Something made me uneasy when a colleague recently referred to “AI bias”. I think that’s because it doesn’t mention the actual source of such bias: humans! AI may expand and expose that bias, but it can’t do that unless we give it the seed. That’s rarely deliberate: we might treat it as a result of “how the world is”. But maybe we should be using “AI bias” less as an unconscious excuse and more as a sign that something about that world is wrong, and needs fixing?
Some alternative terms I find useful when thinking about that:
- Learned bias: even if we could provide AI with a perfect view of the human world, that world contains biases. And the way we choose what view to give the AI may introduce more. A good example of this is the “gendered pronoun” issue: AI that is given a corpus of human text to read will encounter the phrases “she is a CEO”/”he is a nurse” less often than their gender-flipped counterparts. So when translating from one of the many languages that doesn’t have gendered pronouns – such as Turkish, Finnish or Persian – an AI is likely to pick the more common version. Heroic efforts are being made to detect and fix this issue in translation sources and algorithms. But it would be good to try to work on the underlying issue, too.
- Blind-spot bias: AI feeds on the data we give it, but what about the data we can’t give it, because we don’t have it?
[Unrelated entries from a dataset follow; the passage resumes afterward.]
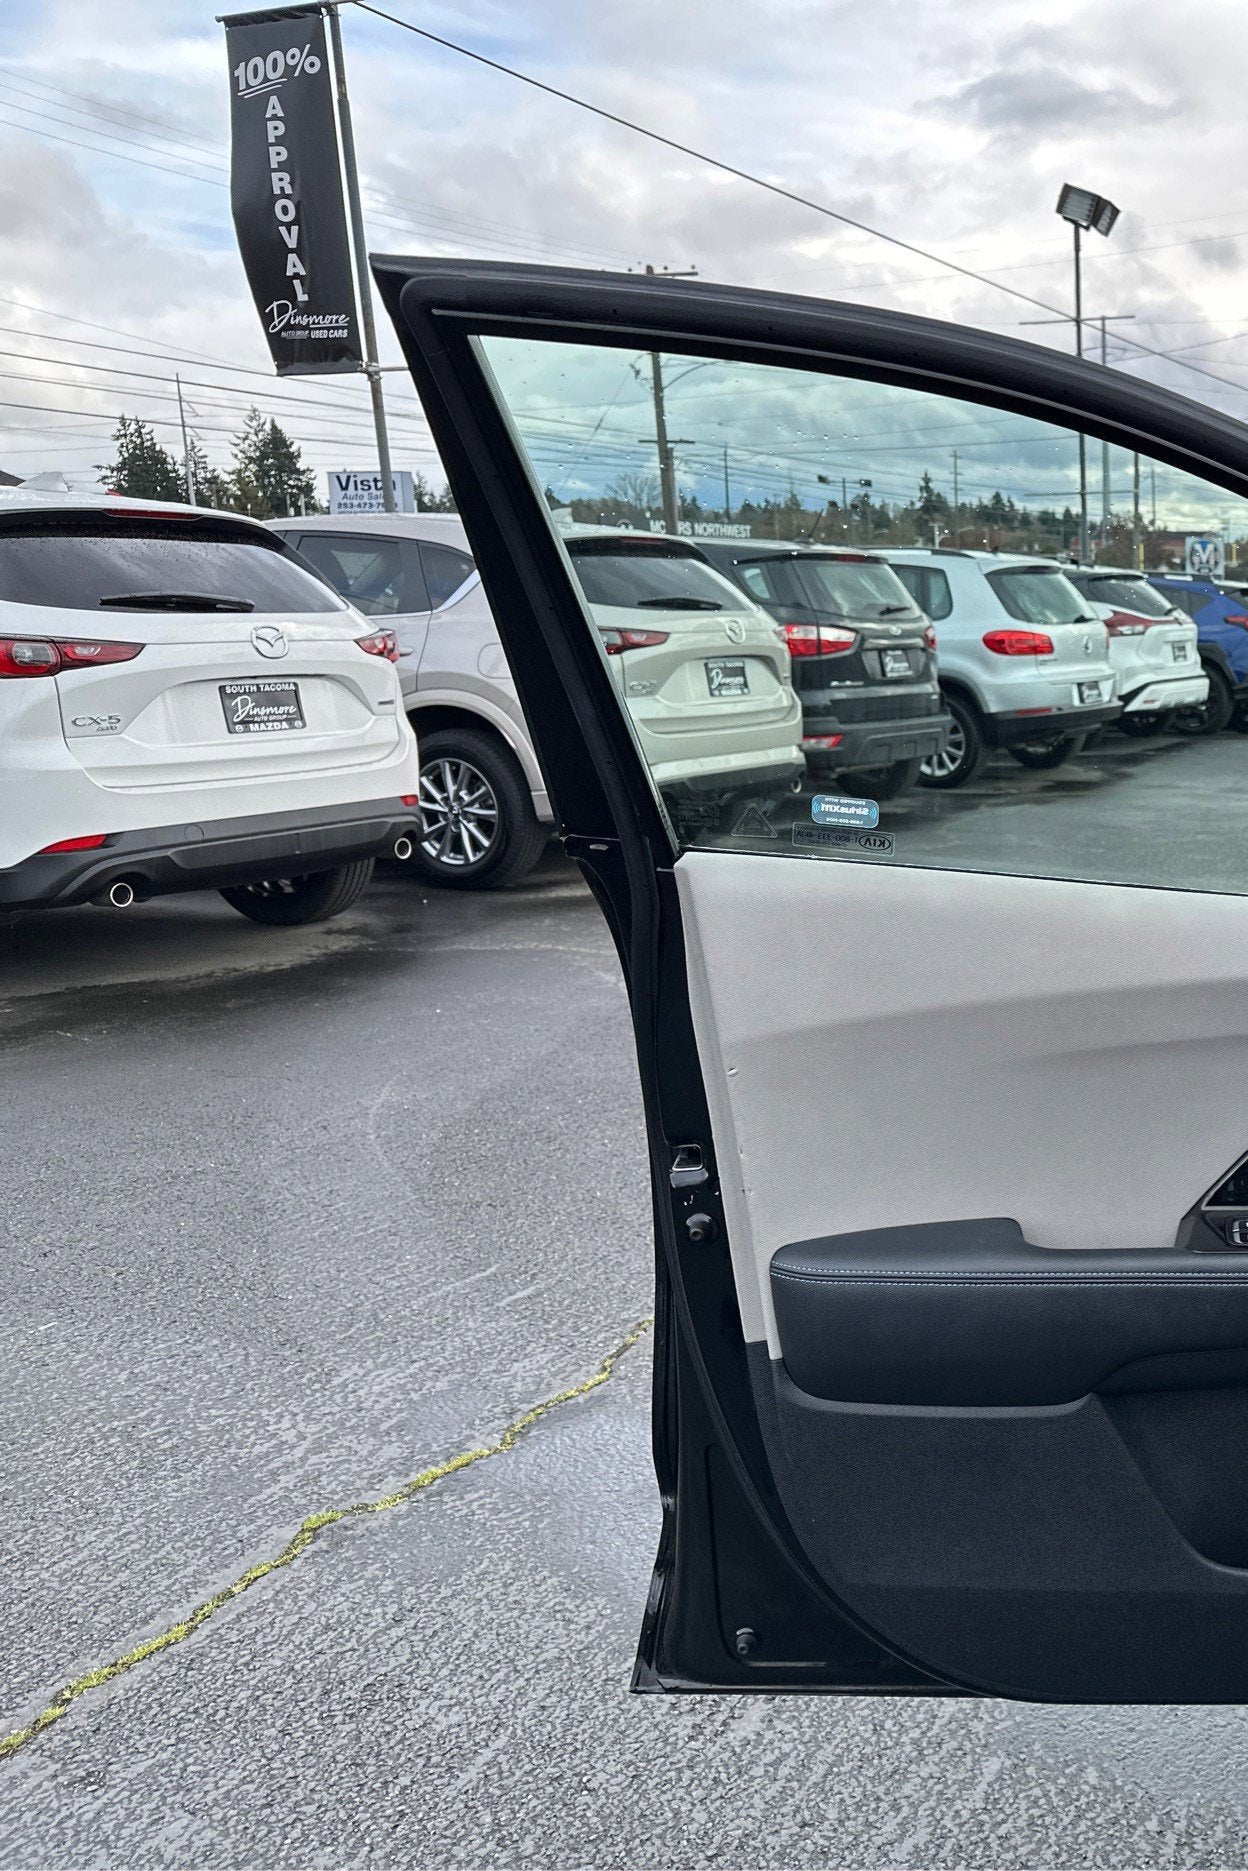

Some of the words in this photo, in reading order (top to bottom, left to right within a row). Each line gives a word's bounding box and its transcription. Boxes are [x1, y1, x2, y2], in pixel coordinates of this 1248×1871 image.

[233, 43, 322, 91] 100%
[264, 95, 310, 302] APPROVAL
[265, 299, 350, 333] Dinsmore
[311, 329, 328, 339] USED
[329, 329, 348, 338] CARS
[335, 474, 396, 491] Vist
[342, 492, 365, 501] Auto
[649, 520, 692, 536] MORS
[694, 522, 752, 538] NORTHWEST
[225, 685, 258, 694] SOUTH
[259, 682, 296, 692] TACOMA
[231, 695, 298, 723] Dinsmore
[71, 715, 121, 727] CX-5
[249, 721, 289, 732] MAZDA
Are the white spaces on our maps of city air quality because there is no pollution, or because there are fewer smartphone owners there to report it? We need to learn from Abraham Wald’s “returning bombers” paradox and investigate those blind-spots at least as intensely as the data-rich ones. The blind-spot may, itself, be telling us something important.
- Digital confirmation bias: a stronger subset of blind-spot bias occurs when our use of the AI’s predictions creates a positive feedback loop and increases the disparity between data-rich and data-poor areas. Sending more police into areas where there are more reports of crime is the classic example.
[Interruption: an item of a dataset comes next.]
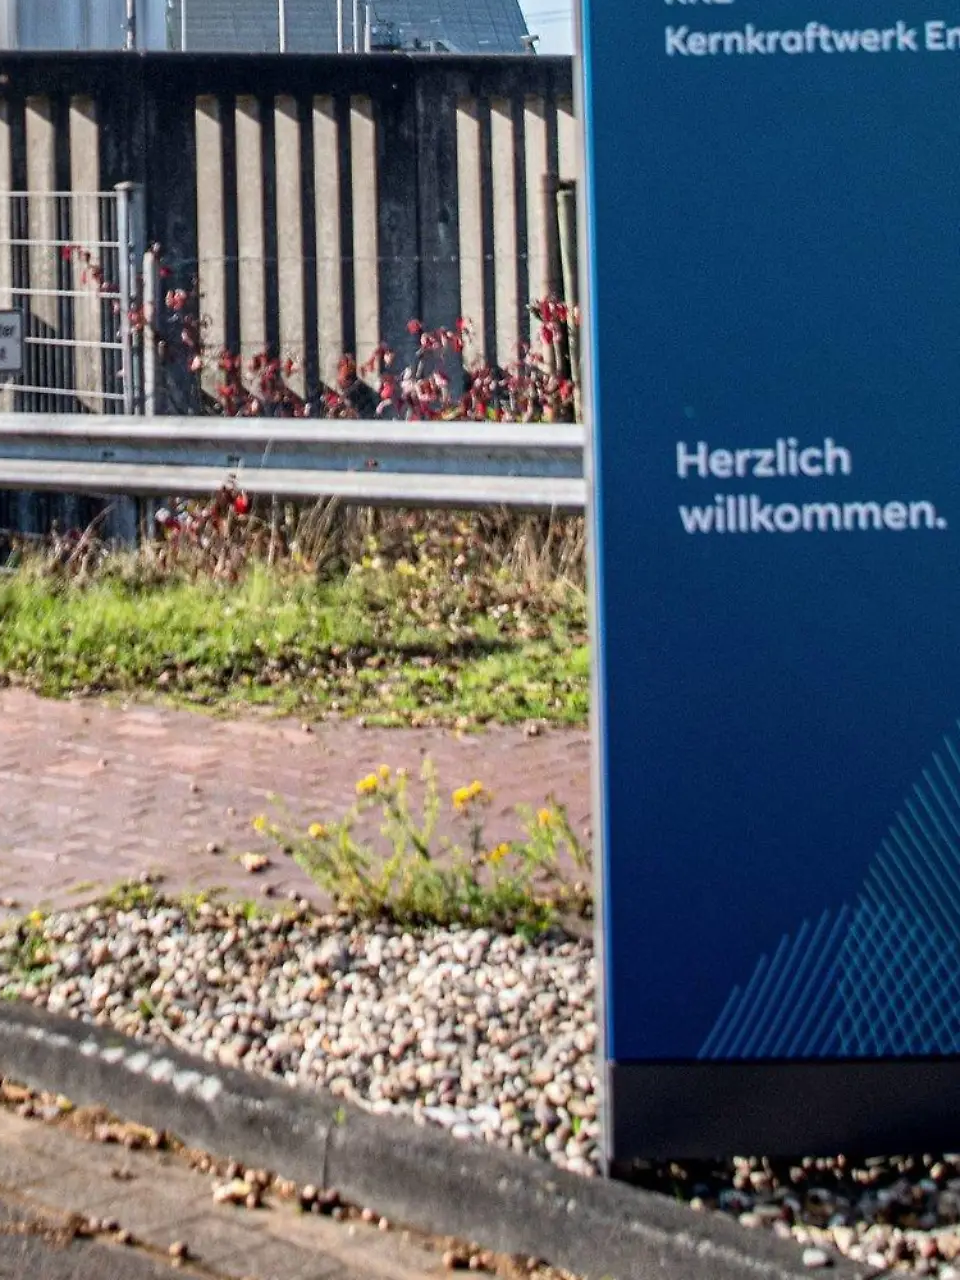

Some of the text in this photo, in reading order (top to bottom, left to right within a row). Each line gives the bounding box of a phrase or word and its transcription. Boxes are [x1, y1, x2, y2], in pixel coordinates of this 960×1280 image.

[665, 21, 918, 56] Kernkraftwerk
[676, 438, 852, 478] Herzlich
[678, 494, 948, 534] willkommen.
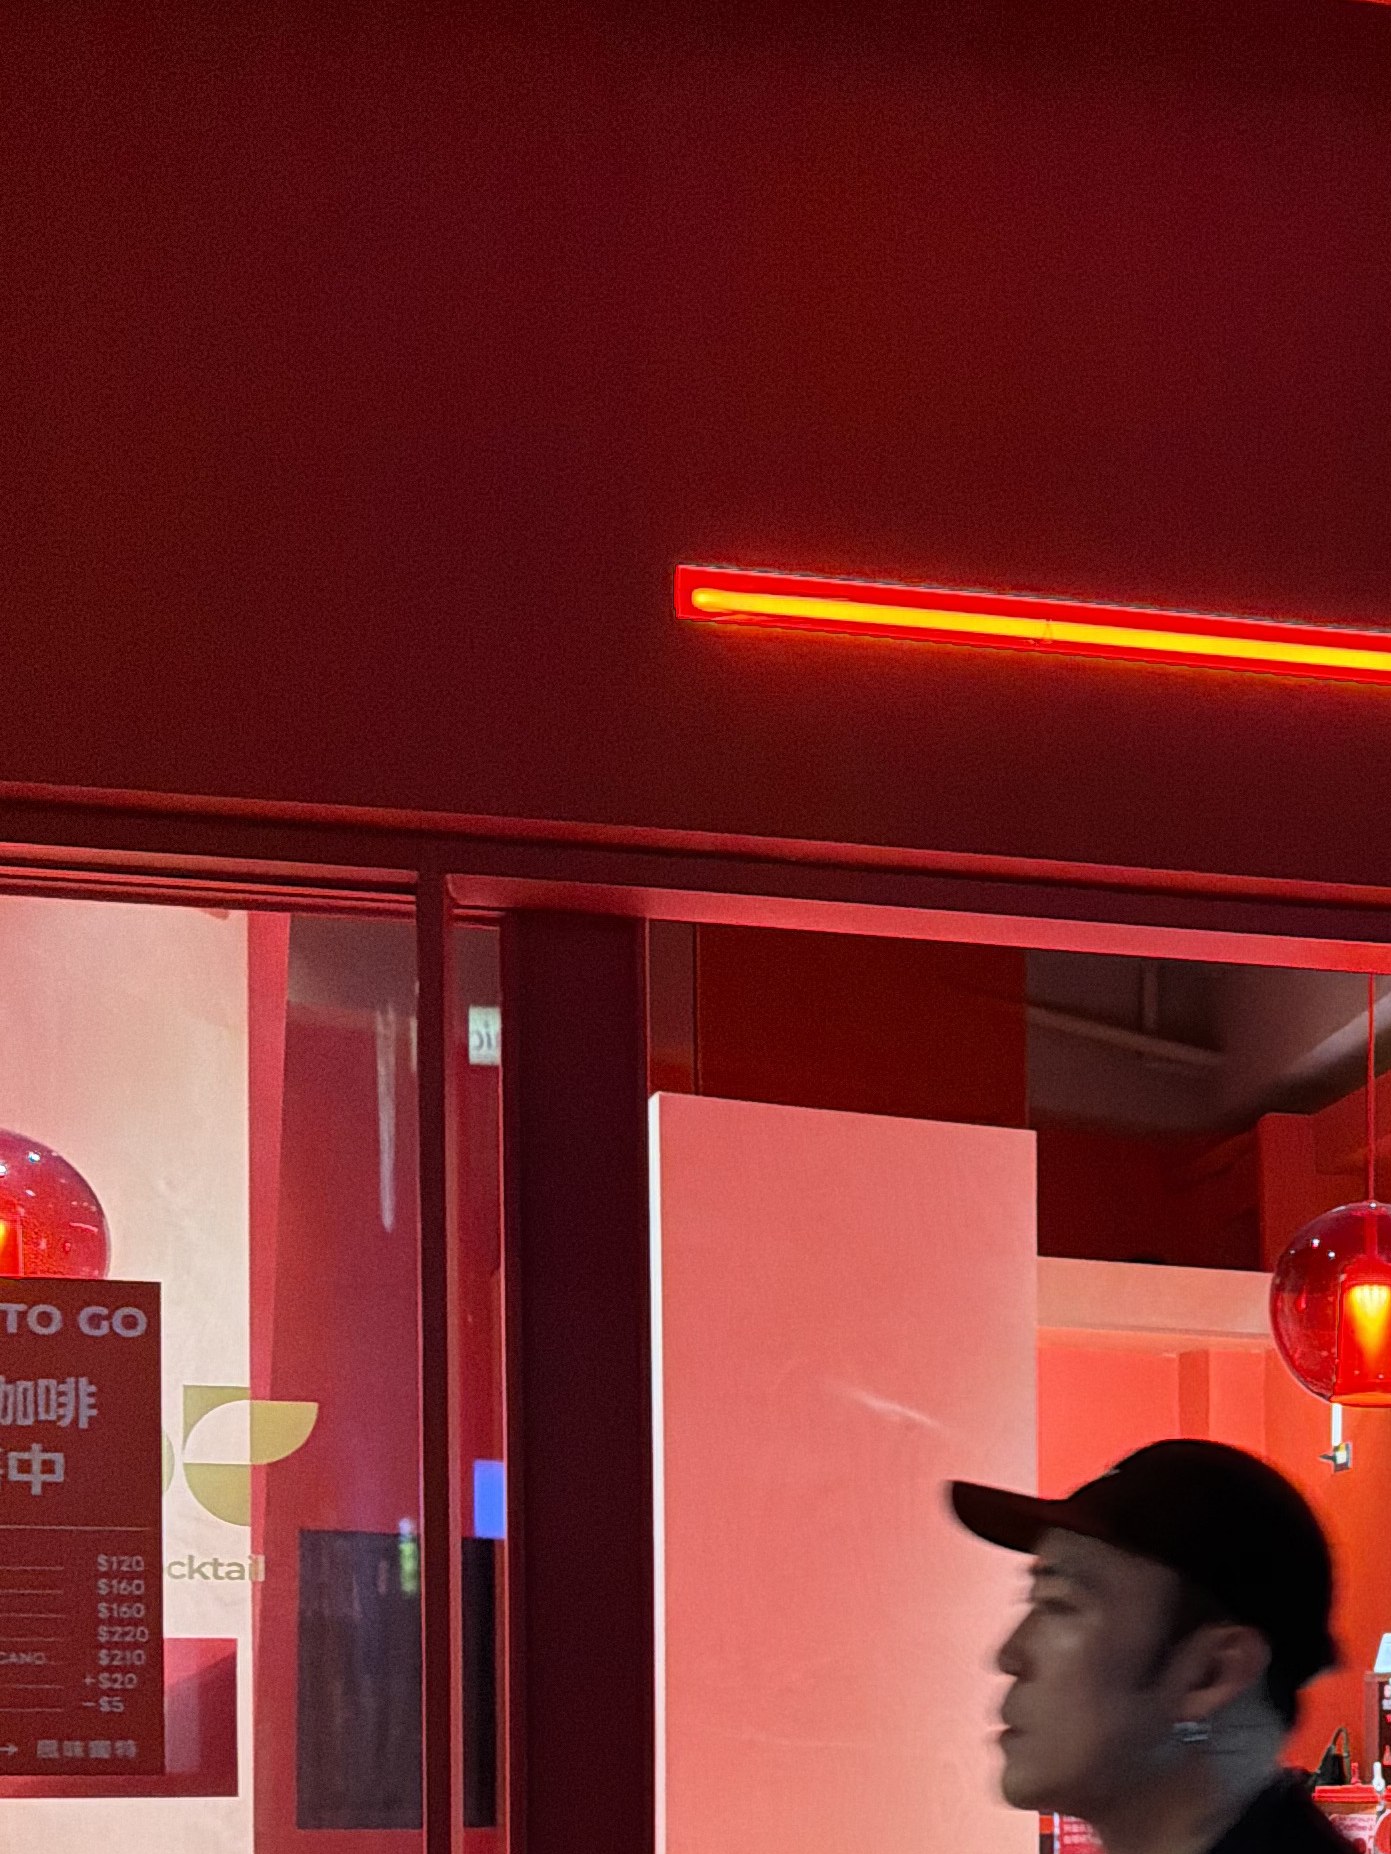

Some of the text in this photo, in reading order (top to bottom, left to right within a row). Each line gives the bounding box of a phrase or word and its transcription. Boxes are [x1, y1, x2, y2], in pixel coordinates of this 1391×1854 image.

- Design bias: sometimes bias doesn’t come from the data, it comes from oversights or assumptions during the design of the AI or its surrounding processes. We need to try to detect and question these. Do all students actually have a smartphone? Are skin-tones generally lighter than the background? I know it’s much easier for me to remember that about 1 in 20 people don’t have “normal” colour vision: those who do can try to keep us in mind, but making your design team as diverse as possible can reduce the amount of “others’ shoes” effort that’s needed.
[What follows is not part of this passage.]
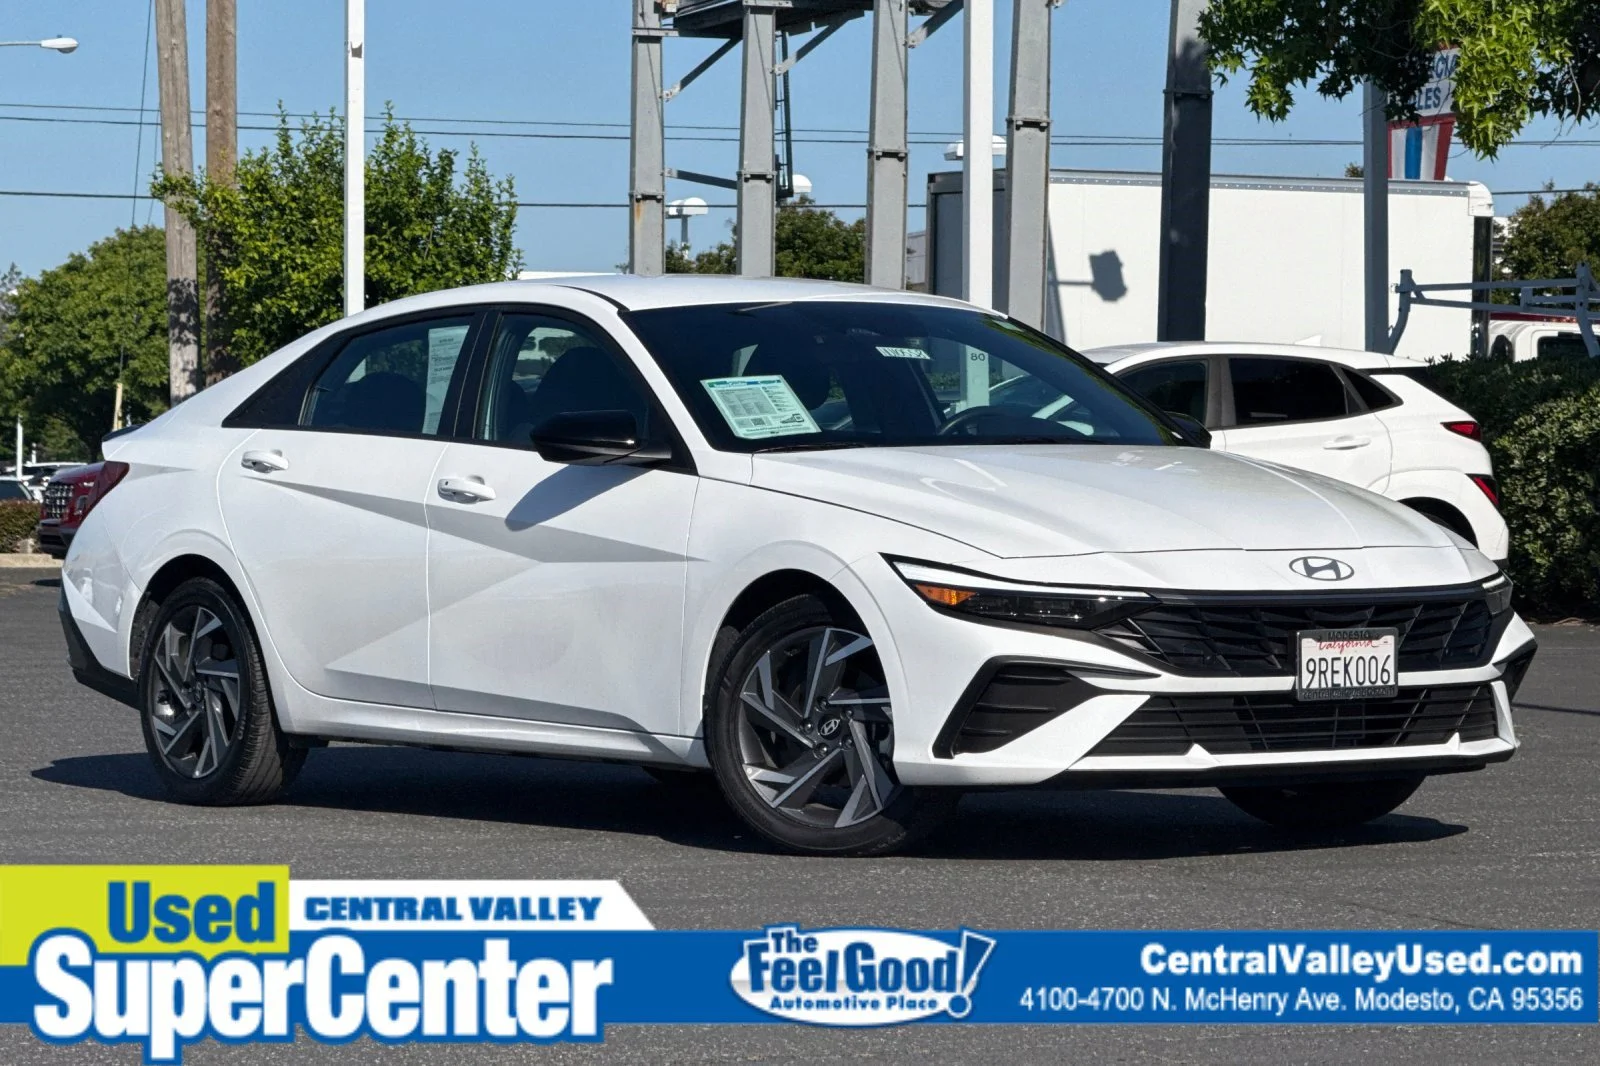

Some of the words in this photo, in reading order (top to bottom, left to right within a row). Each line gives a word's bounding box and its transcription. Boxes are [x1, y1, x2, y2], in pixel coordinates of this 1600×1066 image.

[1415, 86, 1442, 110] LES
[970, 352, 986, 361] 80
[1305, 655, 1391, 688] 9REK006
- Incentive bias: it’s all too easy for a “goal” to slip into “bias”. Social media analysts noticed a long time ago that the goal of “increase attention” was closely linked to the bias that will “increase outrage”. Hence the algorithms that curate for the former are likely to promote extreme expressions and views. It’s not yet clear whether a different definition of “attention” can fix this problem, or whether the AI will always (re-)discover the human weakness for strong emotions. Perhaps in these stressful times there might be a market for a social media platform that delivered attention through calming, mindful moments? I’d certainly be willing to give it a try.